- Task to carry out -
Give back the line below containing "Some of the text" and every later line, exactly.

::: Exercise data :::

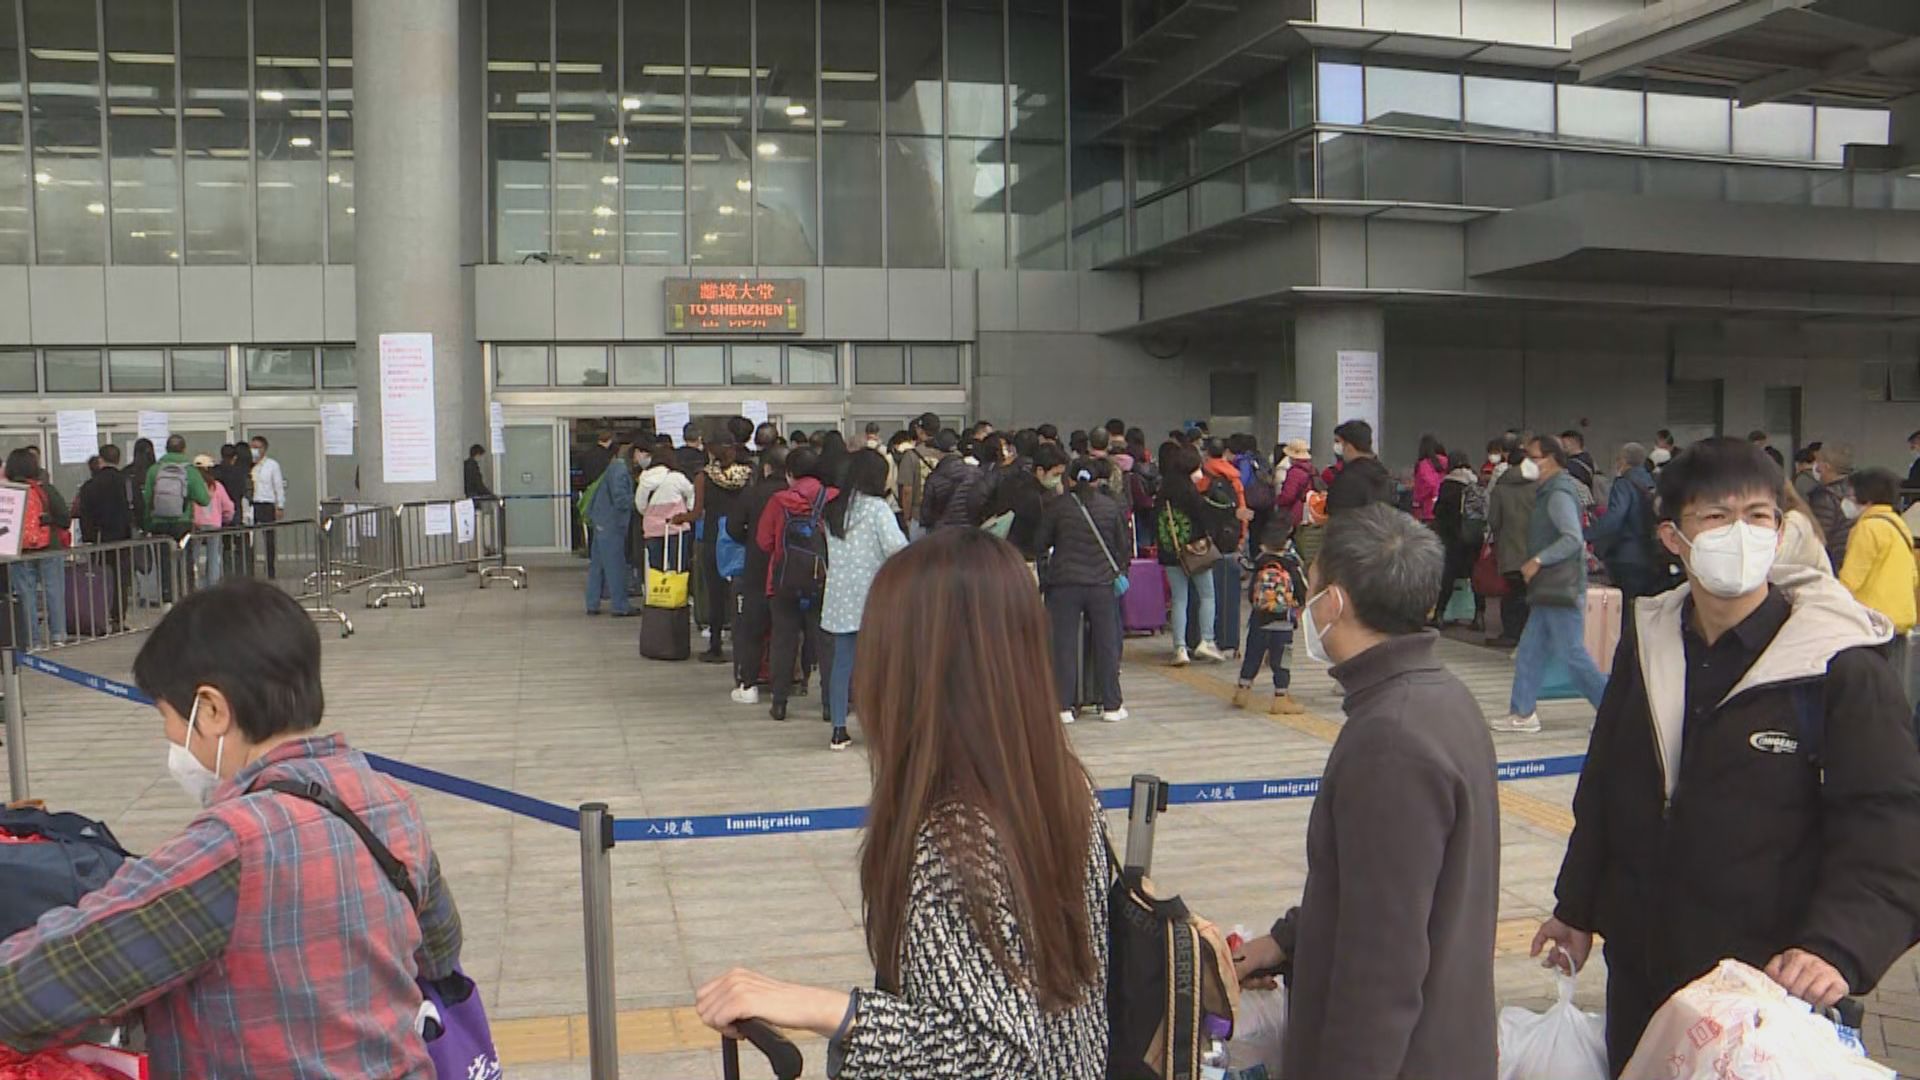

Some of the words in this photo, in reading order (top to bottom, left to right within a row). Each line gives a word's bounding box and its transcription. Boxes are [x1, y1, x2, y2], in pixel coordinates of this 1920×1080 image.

[689, 304, 707, 316] TO
[710, 303, 784, 316] SHENZHEN
[1497, 762, 1546, 778] migration
[1262, 780, 1319, 795] Immigrati
[647, 819, 695, 836] 入境處
[725, 814, 810, 831] Immigration
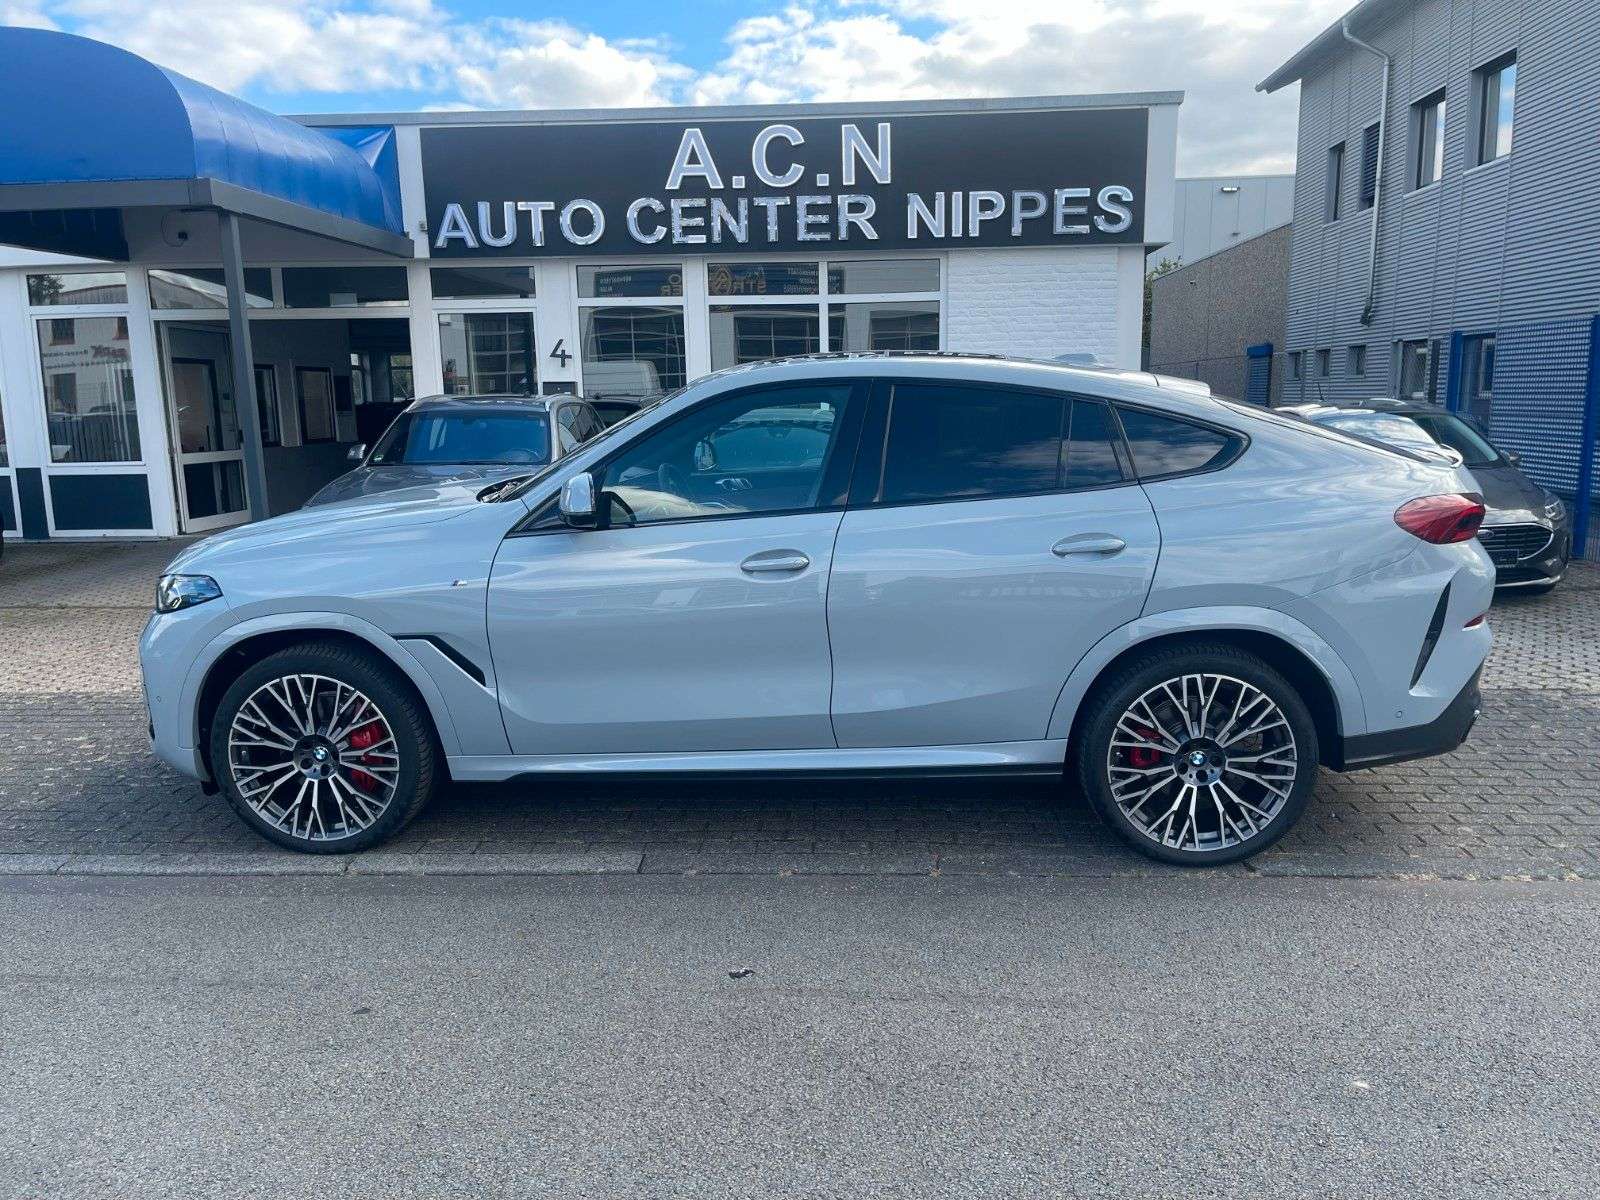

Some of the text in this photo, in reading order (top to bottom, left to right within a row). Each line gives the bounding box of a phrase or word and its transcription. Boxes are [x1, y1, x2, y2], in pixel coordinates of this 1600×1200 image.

[665, 122, 892, 190] A.C.N
[433, 185, 1134, 248] AUTO CENTER NIPPES
[549, 338, 573, 368] 4

:::

- Answer space -
Some of the text in this photo, in reading order (top to bottom, left to right within a row). Each line gives the bounding box of a phrase or word and its transcription. Boxes are [x1, y1, x2, y2], in pixel coordinates of this 1600×1200 image.

[665, 122, 892, 190] A.C.N
[433, 185, 1134, 248] AUTO CENTER NIPPES
[549, 338, 573, 368] 4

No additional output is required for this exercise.